Have I not commanded you? Fear not. Joshua 1:9 (NIV)
There are some who appear positively to enjoy a lecture to a big audience, or presenting a case for the seminar or grand round. It is a challenge, and they delight in it. But for most of us these occasions are associated with a fearful apprehension that gives us an uneasy night's sleep beforehand, and a quickening of the pulse and paling of the face at the time. Yet these things have to be faced. The words given to Joshua can be a great support to us: 'Fear not, have I not commanded you?' The Christian goes as God's ambassador about his daily duties, and this includes public appearances. As an ambassador he does his very best, prepares well beforehand, rehearses, thinks about the important points and seeks the help of others. But having done all this, when the occasion comes, he goes as a servant of the living God, even though speaking on secular matters. He relies on the strength and courage that God gives in response to his prayers and know that God will be with him. The words he uses, the standard he sets, the grace and consideration he shows towards the patient whose case he demonstrates, these all come from his maker. And so the burden becomes lighter, the accomplishment greater, and God's name is honoured.
Joshua did all that was humanly possible to prepare for the taking of Jericho, and he was right to do so. But, military genius though he was, he only found victorious power when, on the eve of the battle, he met the Captain of the host of the Lord, drawn sword in hand, and fell down and worshipped him (Jos 5:13-15).
It was for Joshua to do his best in total reliance on the Lord. It was for the Lord to magnify him in the eyes of other people as he saw fit (Jos 4:14).

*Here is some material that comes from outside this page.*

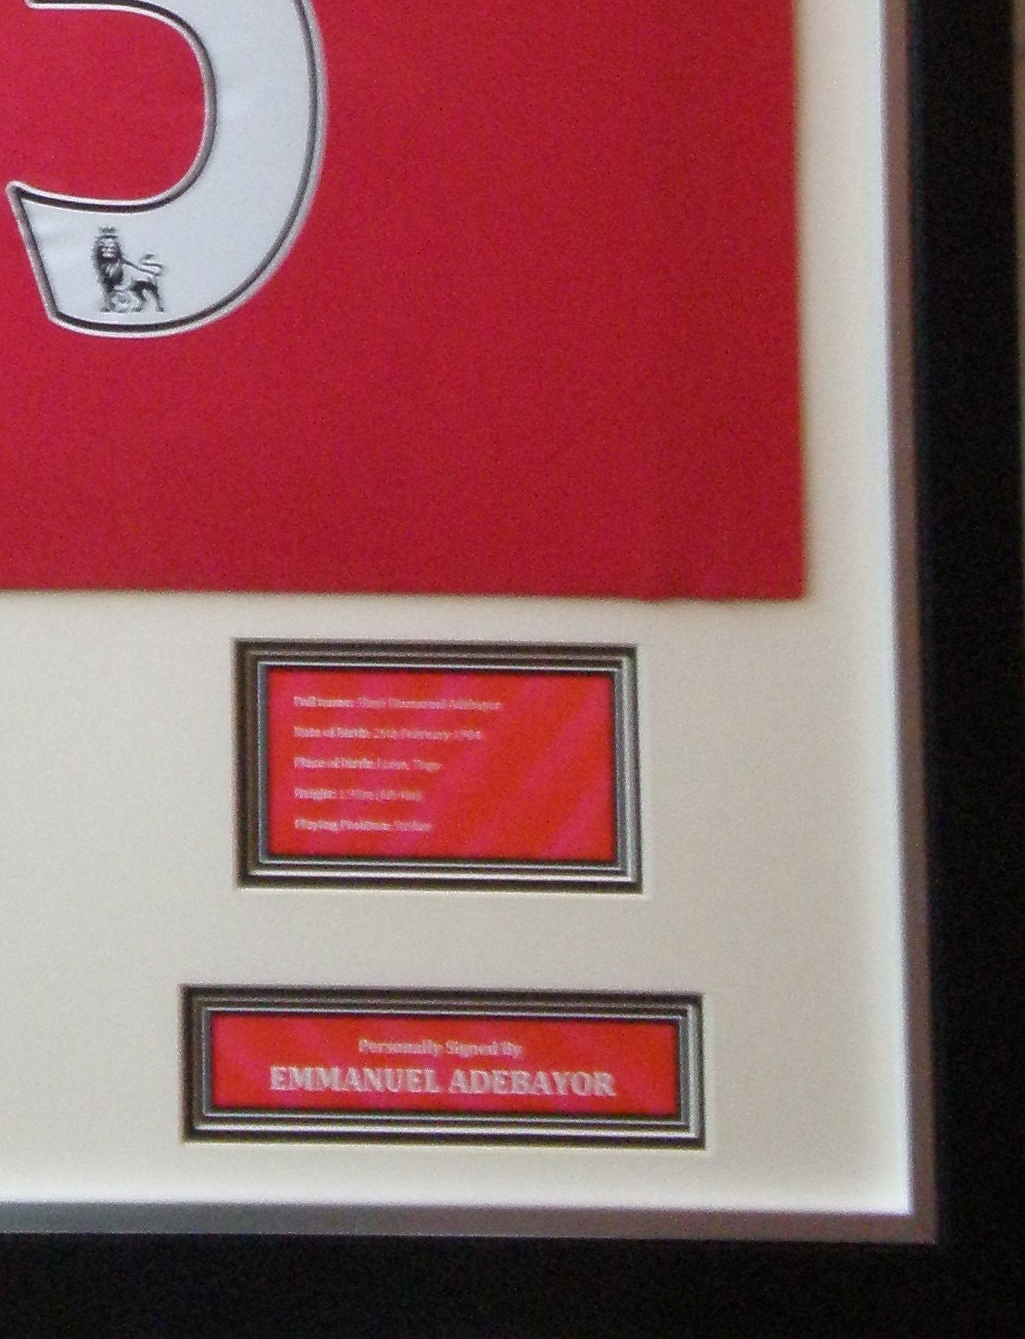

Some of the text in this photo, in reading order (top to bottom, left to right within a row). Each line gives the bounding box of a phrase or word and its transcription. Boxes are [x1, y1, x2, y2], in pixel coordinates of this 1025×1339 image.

[359, 1039, 525, 1059] Personally Signed By
[270, 1065, 617, 1097] EMMANUEL ADEBAYOR
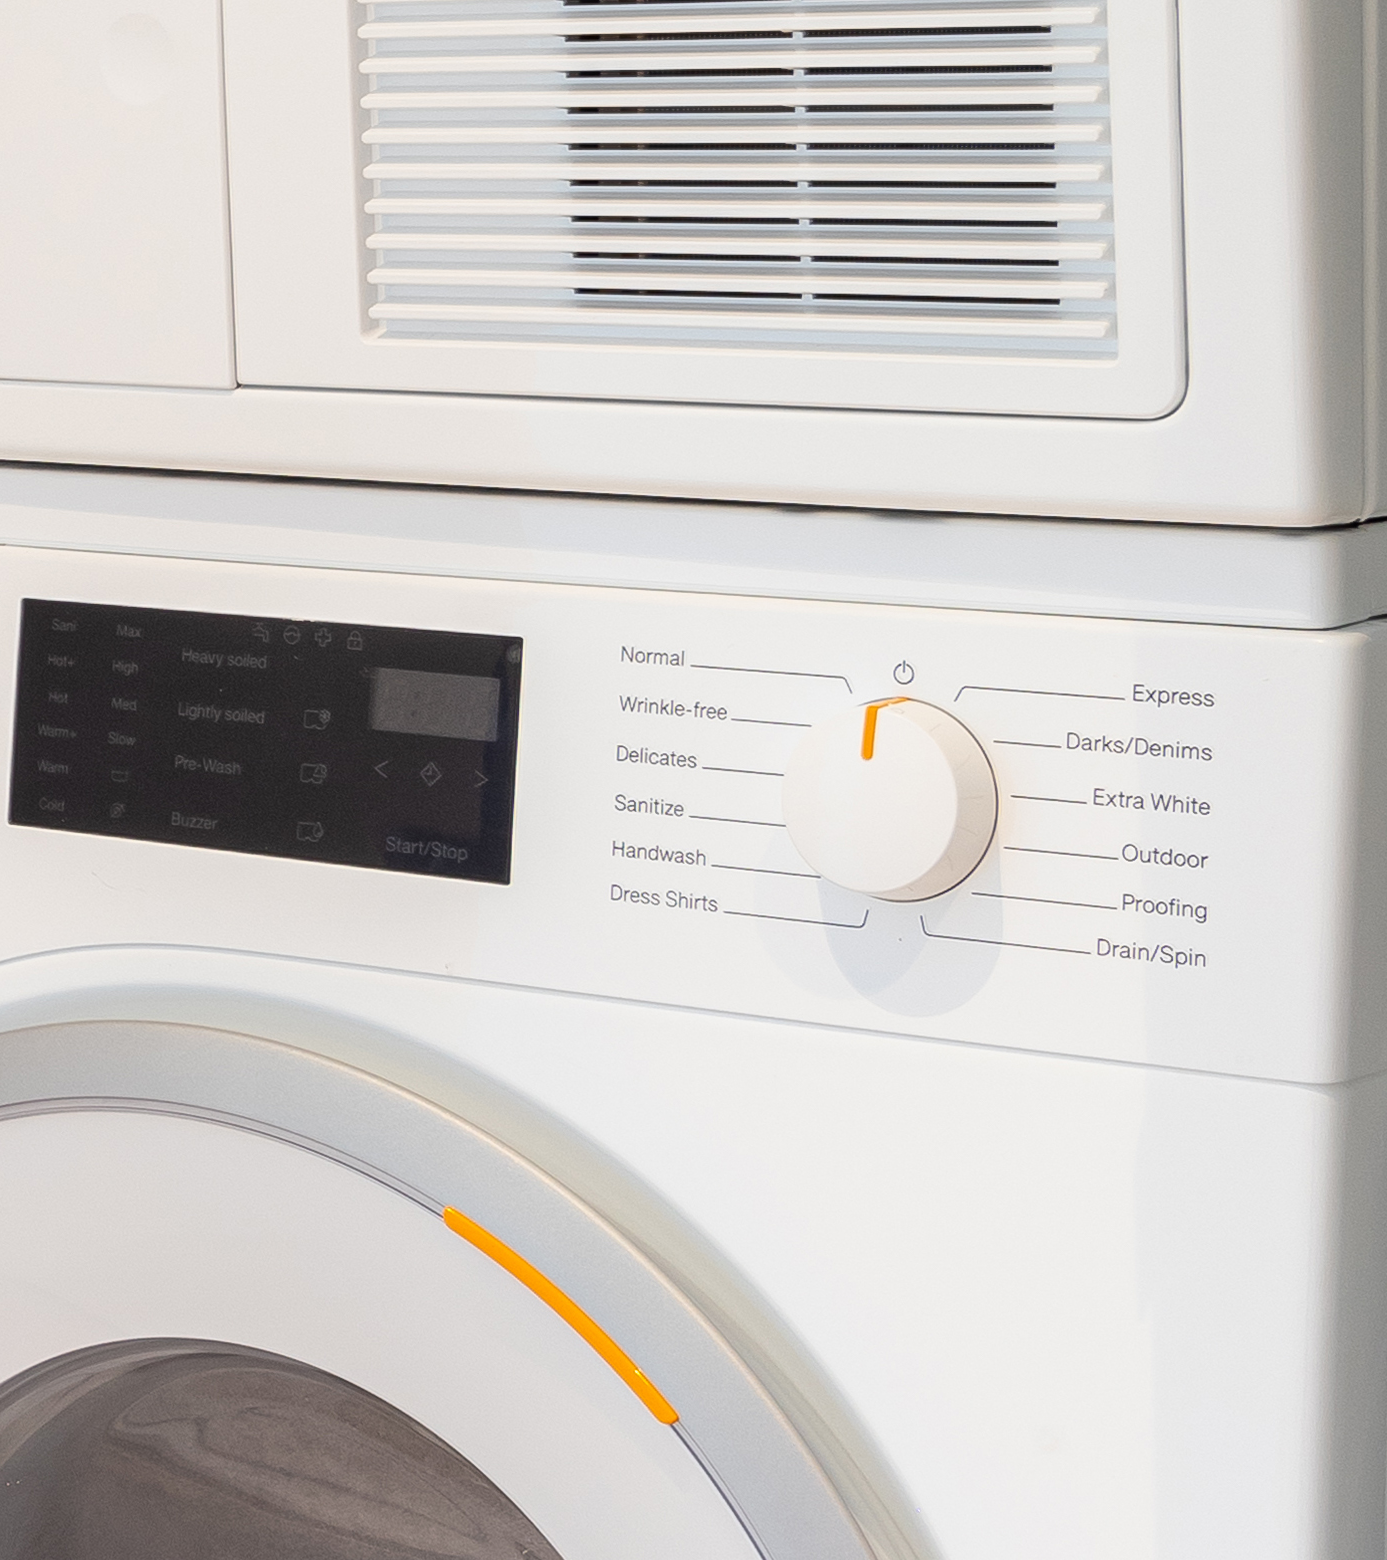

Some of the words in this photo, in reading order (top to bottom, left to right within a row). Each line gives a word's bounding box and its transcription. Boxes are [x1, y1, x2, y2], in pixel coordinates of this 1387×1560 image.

Teach us good Lord to serve thee as thou deservest,
to give and not to count the cost,
to fight and not to heed the wounds,
to toil and not to seek for rest,
to labour and not to ask for any reward
save that of knowing that we do thy will.
Ignatius Loyola

~
somehow the night before turning mo is even scarier than the night before turning ho. haha. i remember vividly one year ago when i walked into the paeds ward my very first day of being a doctor and i heard a baby /little kid crying from somewhere in the ward and i turned around and walked right out of the ward in a panic. 

actually when writing my reflections for the juniors i wanted to tell them "guys there is this website called DOCTORS LIFE SUPPORT. READ IT. certain passages will speak to you at random different times and often will save you." but then i didn't. oh well. there is something comforting in typing into google DOCTORS LIFE SUPPORT, i must say. pwaha. 

i hope i have been a good ho. i dont know if i have been the fastest or the most efficient ho on earth but thus far all my patients survived, more or less, and i know i definitely did the best i could, often going beyond what was required. i actually greatly enjoy doing much more than what is required, it does make me feel v satisfied hahaha. 

sadly something tells me being a good mo requires a lot more than just mary-poppins level organization skillz. at the end of this year, just beginning to read a 400pg guidebook, i realise there is so much MORE than i dont know. a lot of ho stuff is tips and tricks that just help you survive one call. there is so much vast knowledge out there. kinda scary actually. and very hard to call ur mo for help now. HAHA. 

interestingly enough i think this yr of ho ship has changed ME.  its really like that navy dude said - all those early morning circuses make you a stronger person. it definitely made me a lot more reliable and responsible. coz half the time you can't NOT be, there's so much riding on your own responsibility and capability. i'm really thankful for that. and also you get much more aware of maslows hierachy of needs. like SLEEP and WAFFLES and people to share the wafflez with. yup those are important things.